-- Available data --

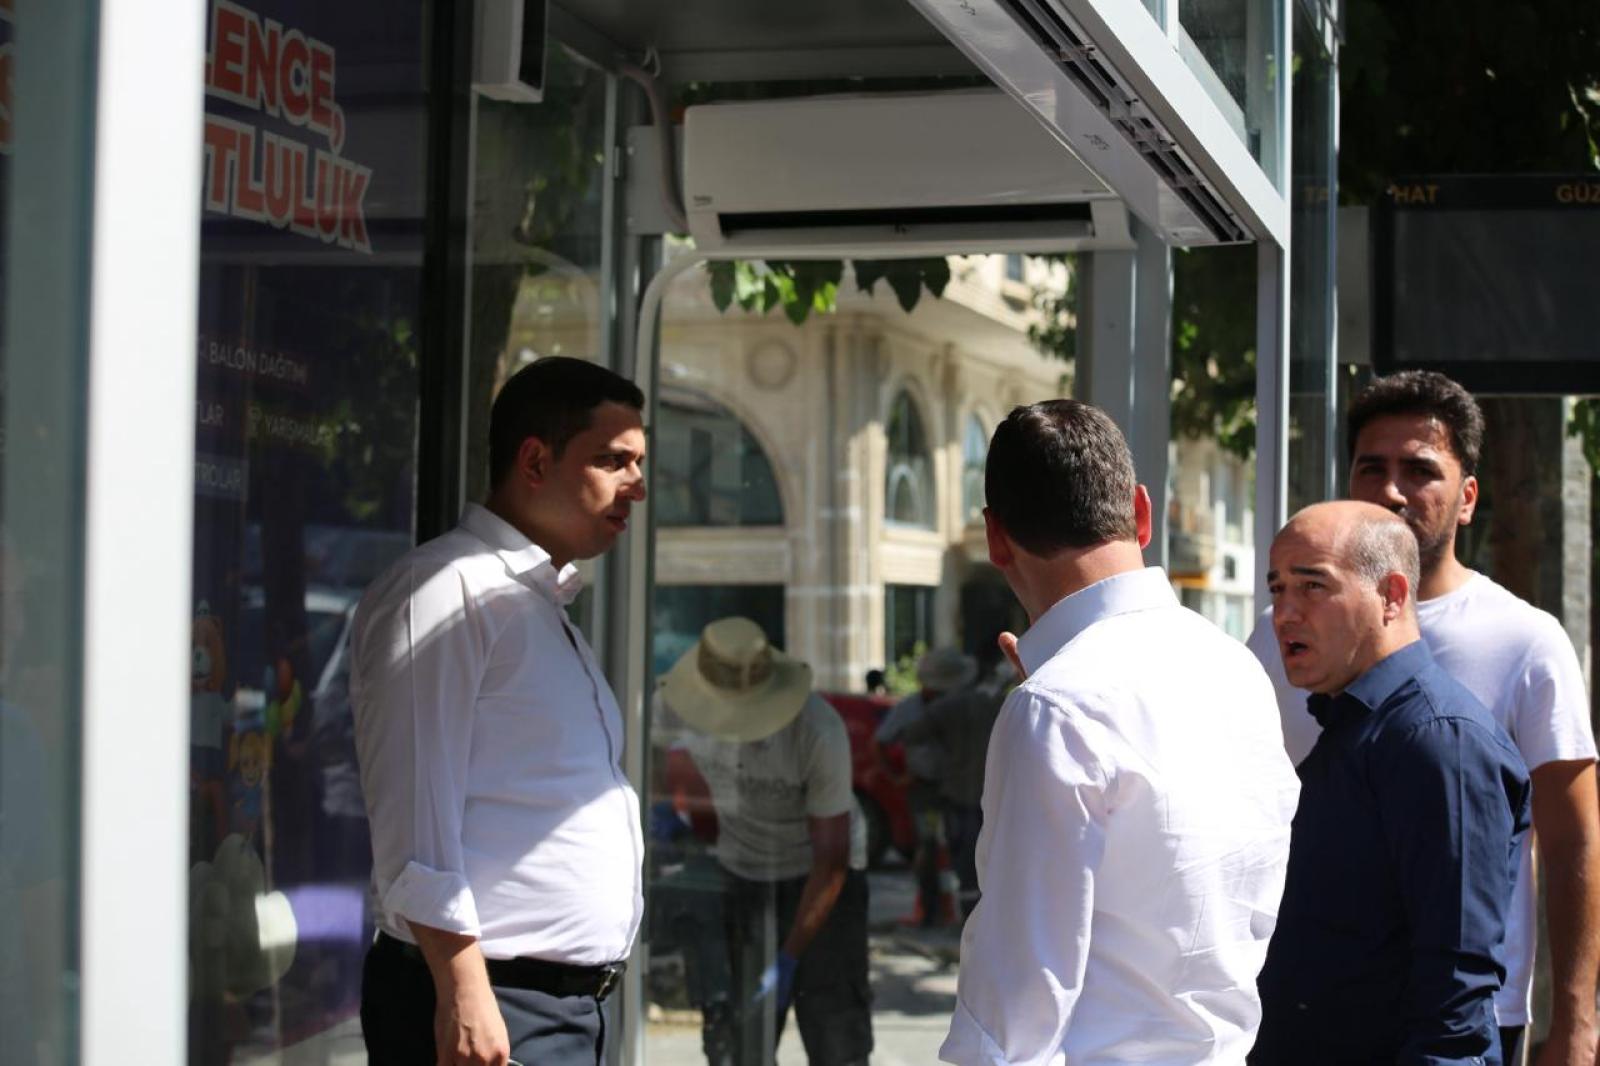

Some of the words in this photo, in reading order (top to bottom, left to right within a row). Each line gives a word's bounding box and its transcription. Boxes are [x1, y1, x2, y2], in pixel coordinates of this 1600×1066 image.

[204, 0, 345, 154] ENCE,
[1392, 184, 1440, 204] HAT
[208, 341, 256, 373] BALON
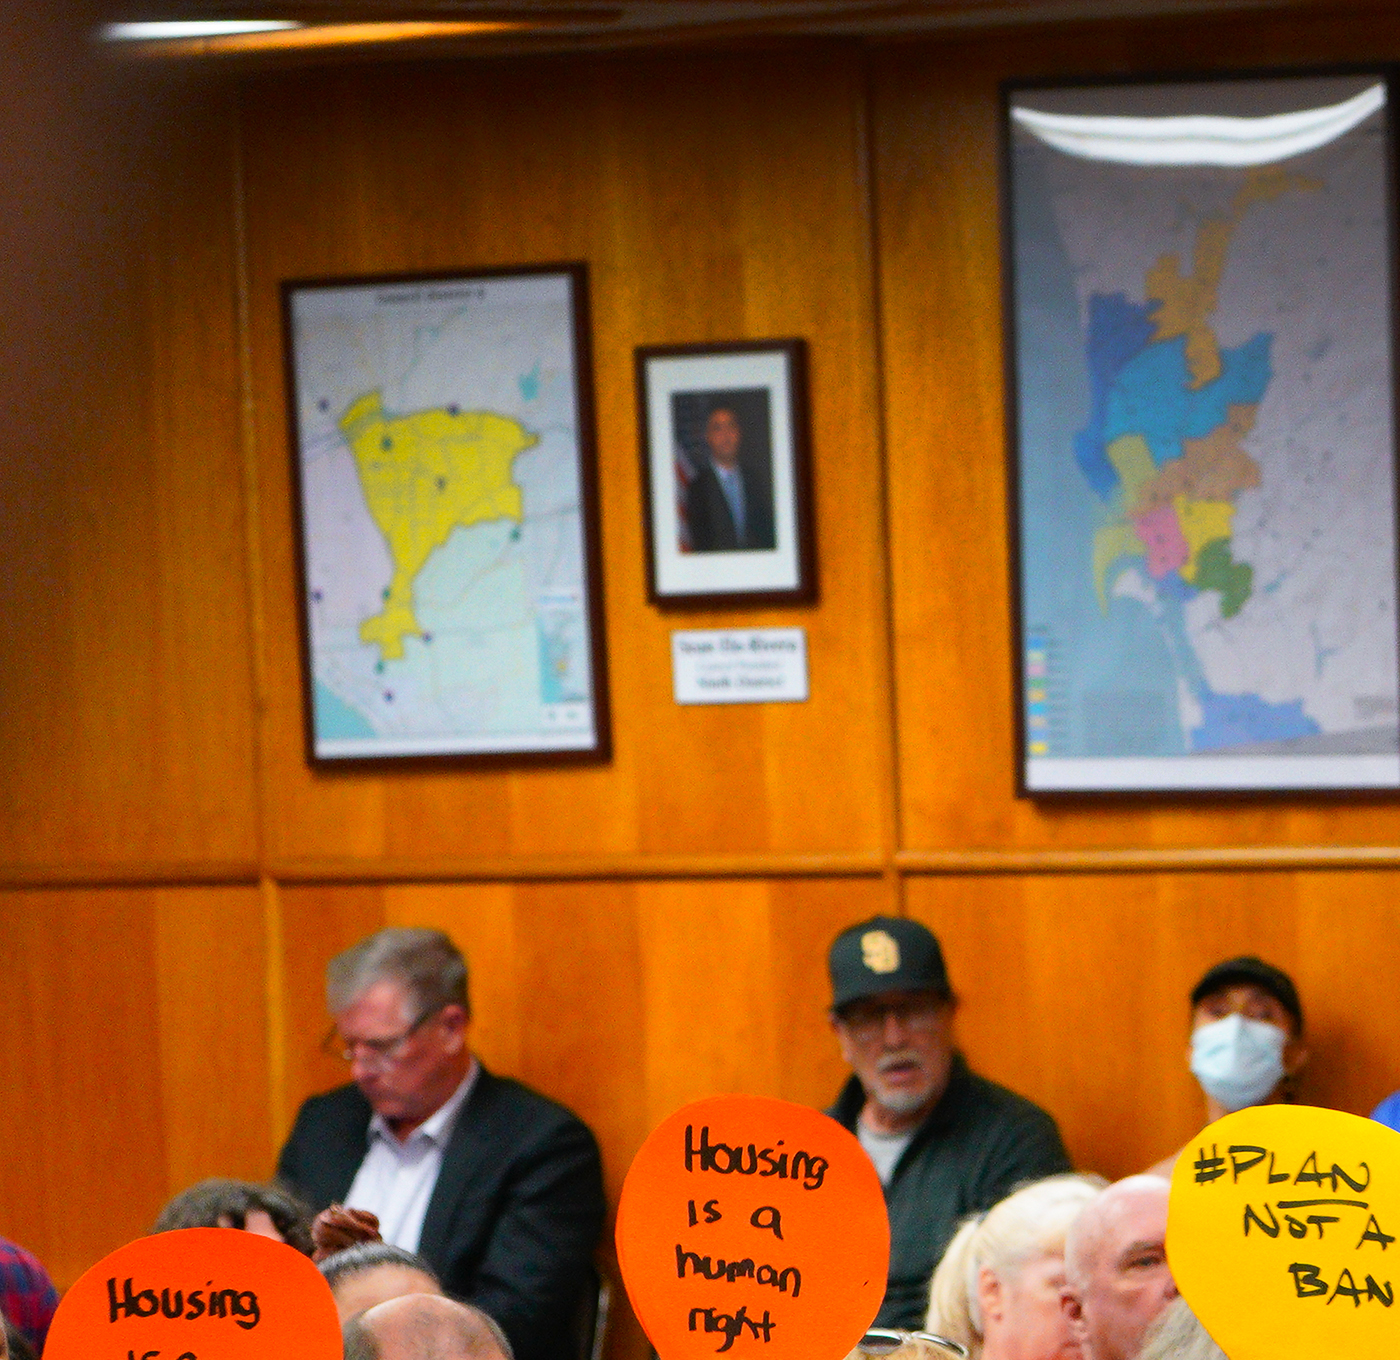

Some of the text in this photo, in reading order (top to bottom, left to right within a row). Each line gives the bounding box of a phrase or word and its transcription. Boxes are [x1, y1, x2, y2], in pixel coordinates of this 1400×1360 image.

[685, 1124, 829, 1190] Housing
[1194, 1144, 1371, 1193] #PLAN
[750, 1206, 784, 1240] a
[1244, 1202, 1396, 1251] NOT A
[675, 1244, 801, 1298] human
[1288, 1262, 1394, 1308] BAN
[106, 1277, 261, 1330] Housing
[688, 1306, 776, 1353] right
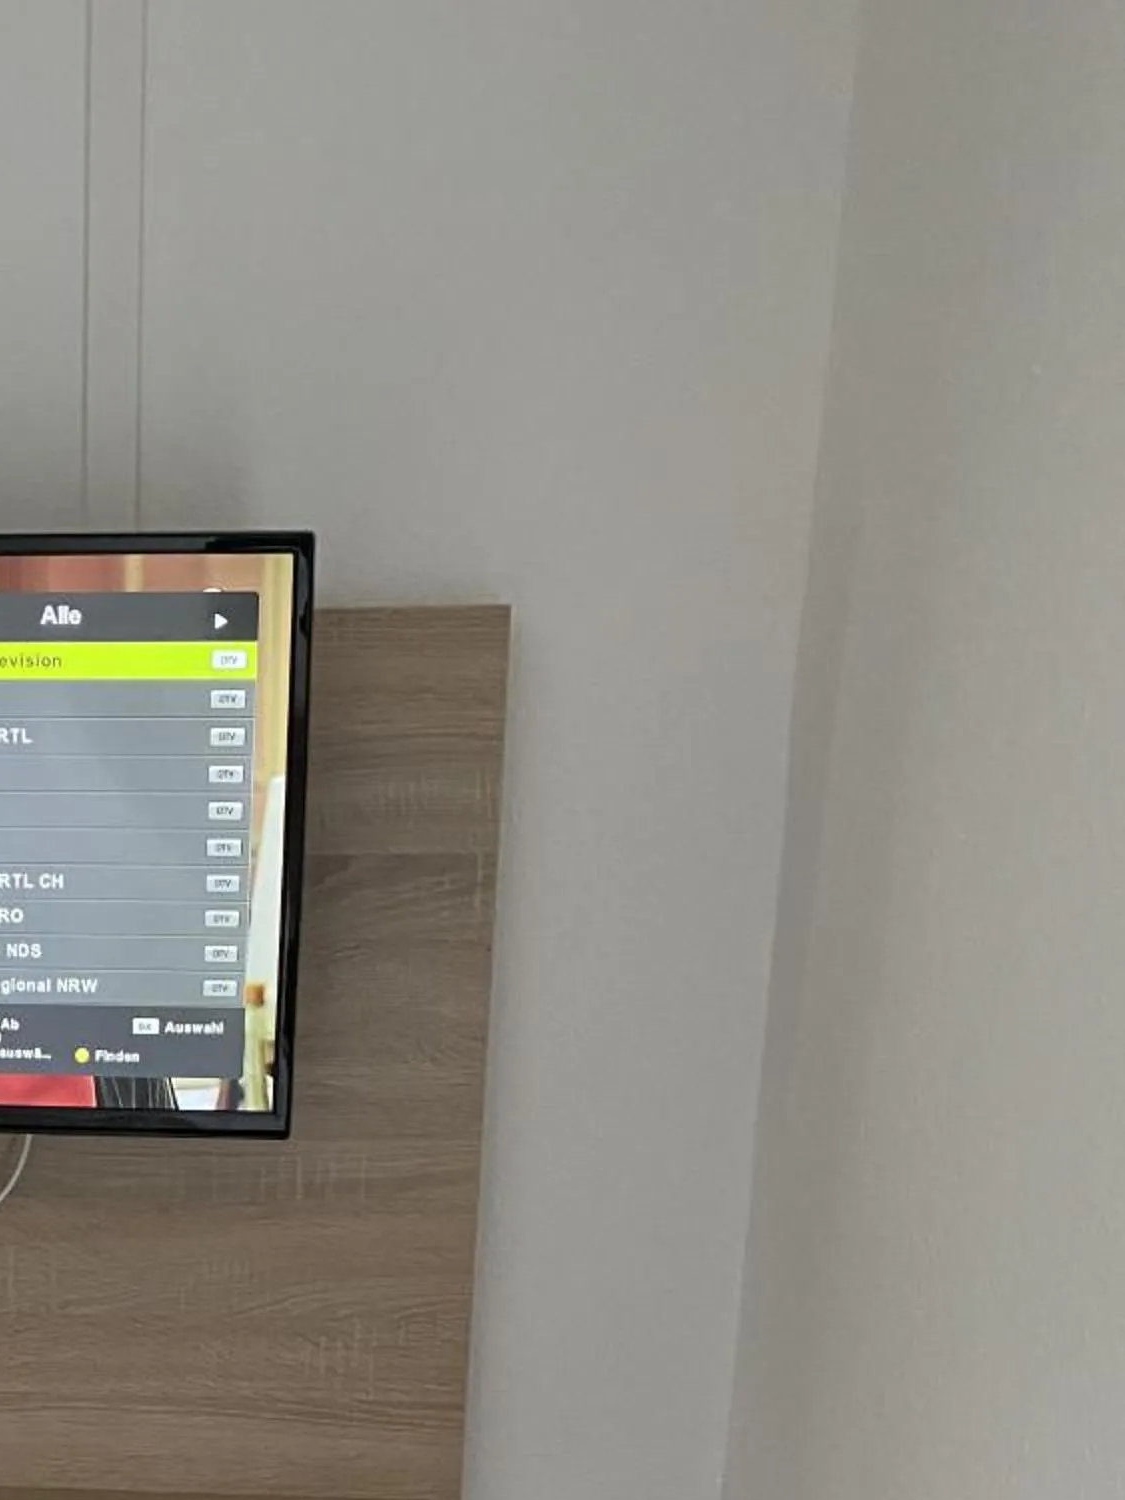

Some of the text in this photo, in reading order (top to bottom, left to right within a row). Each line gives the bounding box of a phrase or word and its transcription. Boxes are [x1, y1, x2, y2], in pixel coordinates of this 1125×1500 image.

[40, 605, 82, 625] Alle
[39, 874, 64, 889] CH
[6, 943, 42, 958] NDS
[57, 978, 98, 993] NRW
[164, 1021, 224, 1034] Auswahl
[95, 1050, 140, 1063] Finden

-- Task brief --
Copy the records exactly; no image should appear in the result.

-- Expected answer --
Some of the words in this photo, in reading order (top to bottom, left to right within a row). Each line gives a word's bounding box and its transcription. Boxes are [x1, y1, x2, y2], in pixel coordinates of this 1600×1066 image.

[204, 0, 345, 154] ENCE,
[1392, 184, 1440, 204] HAT
[208, 341, 256, 373] BALON

Some of the text in this photo, in reading order (top to bottom, left to right within a row). Each line gives the bounding box of a phrase or word and its transcription. Boxes are [x1, y1, x2, y2], in pixel coordinates of this 1400×1360 image.

[685, 1124, 829, 1190] Housing
[1194, 1144, 1371, 1193] #PLAN
[750, 1206, 784, 1240] a
[1244, 1202, 1396, 1251] NOT A
[675, 1244, 801, 1298] human
[1288, 1262, 1394, 1308] BAN
[106, 1277, 261, 1330] Housing
[688, 1306, 776, 1353] right

Some of the text in this photo, in reading order (top to bottom, left to right within a row). Each line gives the bounding box of a phrase or word and its transcription. Boxes are [x1, y1, x2, y2], in pixel coordinates of this 1125×1500 image.

[40, 605, 82, 625] Alle
[39, 874, 64, 889] CH
[6, 943, 42, 958] NDS
[57, 978, 98, 993] NRW
[164, 1021, 224, 1034] Auswahl
[95, 1050, 140, 1063] Finden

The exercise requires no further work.